Foodservice Equipment Reports

UNIT DESIGN: Cat Cora's SFO Experience

Terminal 2 at San Francisco Airport is a bustling place. And of all the busy eateries there, few see more action-per-square-foot than Chef Cat Cora’s new 78-seat tapas/cocktail/raw bar concept. The kitchen crew serves everything from breakfast and lunch to dinner and late-night snacks from a work space that’s barely a smidge over 300 sq. ft.

“The entire kitchen’s a stage,” says kitchen creator Frank Muller, principal of Muller Design in Minden, Utah. By necessity, <i>all<i/>culinary action, from prep to cooking to plating, can be viewed from most of the bar seats.

Preparing For Takeoff

As is so often the case, the project had an interesting genesis, and it didn’t start with a clean sheet of paper. There was a space, and there was an operator. The rest was tricky.

Atlanta-based airport concessions development firm Hojeij Branded Foods had an idea for a marquee-chef concept. The space was at SFO. Long story short, HBF contacted Chef Cat Cora, known for being the only woman Iron Chef in either the U.S. or Japanese editions of the televised culinary competition. Would she be interested? Yes.

The space, it turned out, was 1,952 sq. ft. HBF pretty much handed it to Cora as a blank slate. Cora chose a combination tapas/raw bar concept. “I wanted high-quality, small, quick plates that would take airport food to new levels,” Cora says.

Gary Semling, the lead architect on the project, designated all of 304 sq. ft. for the kitchen and tapped a longtime colleague, kitchen designer Muller, to figure out kitchen details. An additional 250 sq. ft. was set aside for the raw bar (seating eight) and beer bar (seating 10). The eatery’s remaining 1,398 sq. ft. were reserved for the 60-seat dining area.

Cora’s plan to Muller had no excess in it, especially when she learned how tiny the production space would be. “I knew every piece of equipment had to be efficient and had to have multiple uses,” Cora recalls.

“All the equipment needed to be ‘couldn’t live without it’ quality, the open kitchen had to stay super-clear and efficient, and sanitation—i.e. clearing tables—had to work,” Cora adds.

Touring The Cockpit—Er…Kitchen

The end result “was like a puzzle,” Muller says. “Nearly all the pieces had to be custom-made for the kitchen to work.”

Most of the kitchen can be seen at a glance. The site of all food prep, cooking and plating centers around a 92”-long by 44”-wide compact island cooking suite. There you’ll find a single-vat fryer, a 6-burner range atop a pass-through oven and a 36” broiler atop an open storage space.

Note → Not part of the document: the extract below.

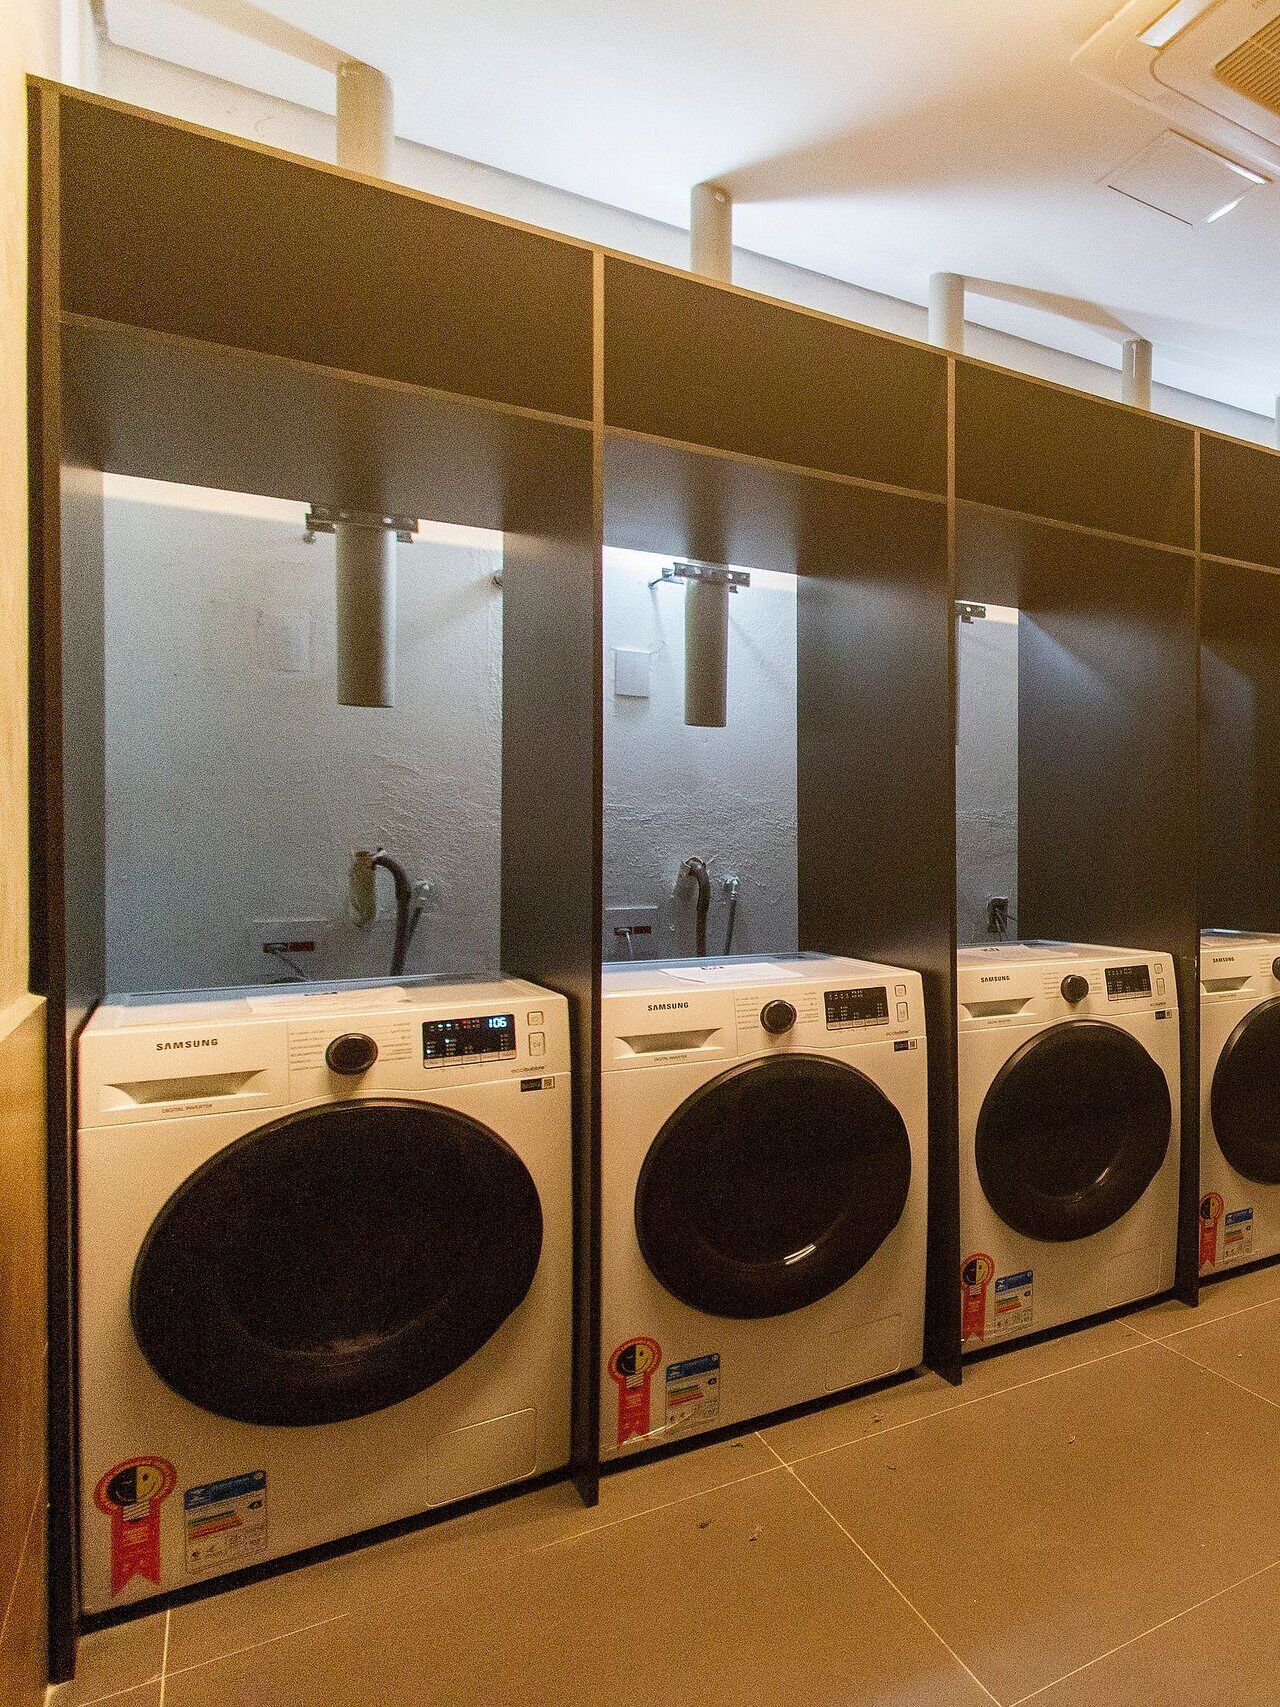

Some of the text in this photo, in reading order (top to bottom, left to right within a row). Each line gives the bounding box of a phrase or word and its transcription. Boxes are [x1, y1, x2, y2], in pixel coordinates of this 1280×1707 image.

[980, 975, 1011, 983] SAMSUNG
[647, 1001, 689, 1012] SAMSUNG
[156, 1038, 218, 1051] SAMSUNG

In one corner, adjacent to the kitchen’s only two “walls,” sits the combi oven (one of Cora’s few “must-have” pieces of equipment, Muller reveals). Sheet pans are stowed below. On the counter to the left of the combi is the prep area with its slicer, stand mixer and sink. Below, within easy reach, is an undercounter blast chiller (Cora’s other “must-have” piece of equipment).

To the right of the combi is the 88”-long, custom-designed make table holding about a dozen ingredient pans. Below the table surface are three tiers of 3-drawer refrigerators and freezers to hold food product. A matching set of make tables plus nine cold-holding drawers anchors the opposite side of the space.

“The nine drawers with their 4”-deep pans allow a wider variety of food product to be held on each side of the kitchen,” Muller says.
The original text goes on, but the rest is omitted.